(What the task requires):
Apart from the pictures, return every line of the listing exactly.

BEGIN Exercise data

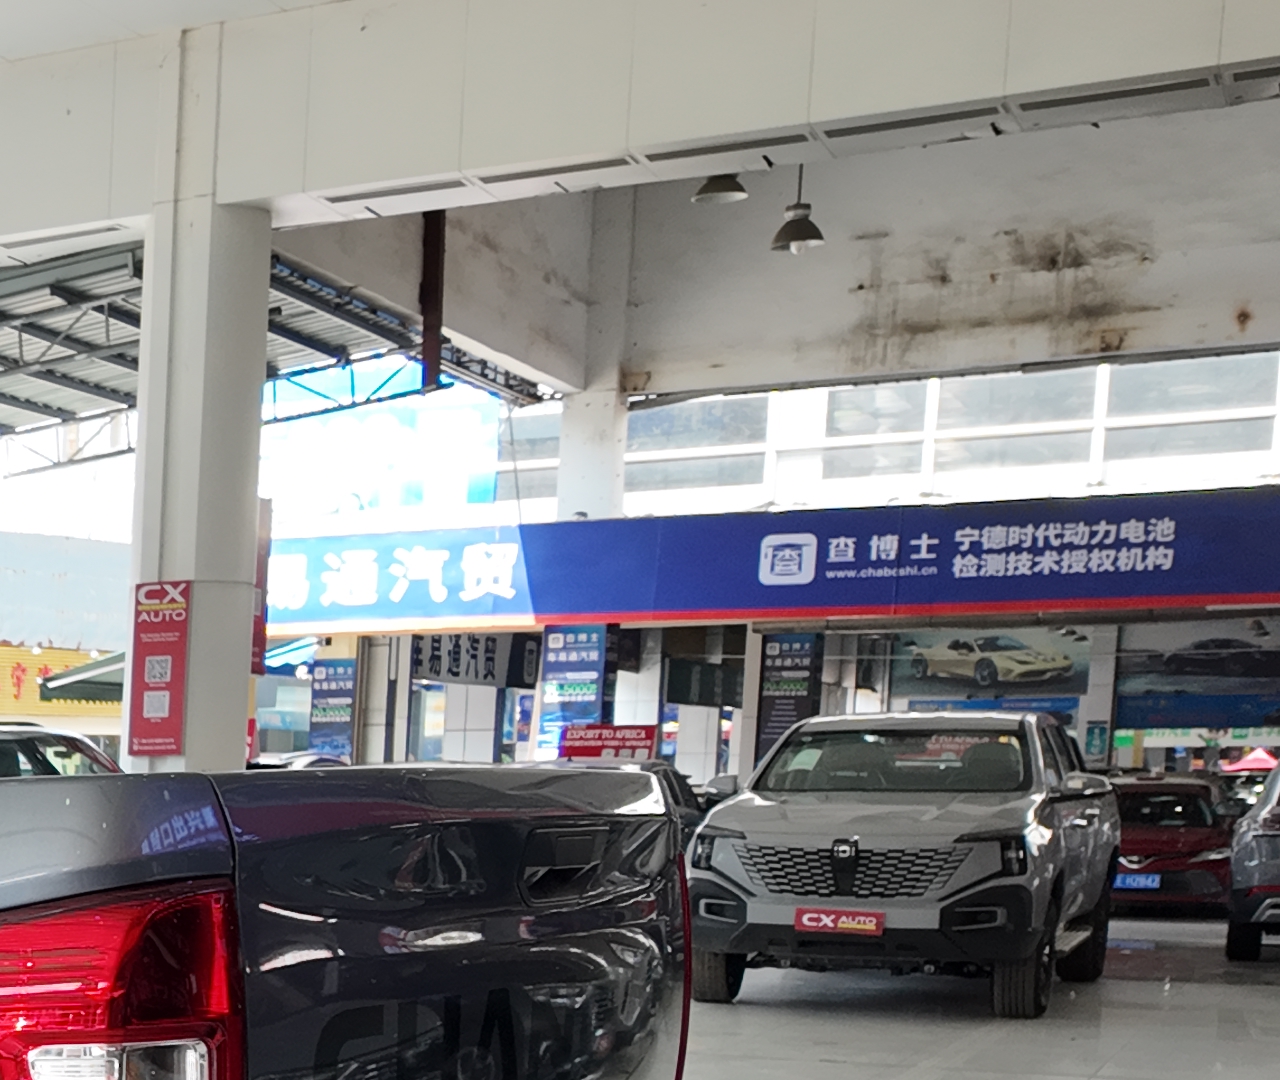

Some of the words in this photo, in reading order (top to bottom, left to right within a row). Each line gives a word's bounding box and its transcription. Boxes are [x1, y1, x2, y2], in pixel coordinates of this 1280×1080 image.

[954, 516, 1177, 552] 宁德时代动力电池
[826, 531, 940, 563] 查博士
[951, 544, 1175, 579] 检测技术授权机构
[137, 582, 188, 605] CX
[137, 608, 187, 624] AUTO
[566, 729, 601, 739] EXPORT
[601, 729, 614, 739] TO
[614, 729, 647, 739] AFRICA
[800, 911, 836, 928] CX
[837, 914, 878, 927] AUTO

END Exercise data

(Solution for this exercise):
Some of the words in this photo, in reading order (top to bottom, left to right within a row). Each line gives a word's bounding box and its transcription. Boxes are [x1, y1, x2, y2], in pixel coordinates of this 1280×1080 image.

[954, 516, 1177, 552] 宁德时代动力电池
[826, 531, 940, 563] 查博士
[951, 544, 1175, 579] 检测技术授权机构
[137, 582, 188, 605] CX
[137, 608, 187, 624] AUTO
[566, 729, 601, 739] EXPORT
[601, 729, 614, 739] TO
[614, 729, 647, 739] AFRICA
[800, 911, 836, 928] CX
[837, 914, 878, 927] AUTO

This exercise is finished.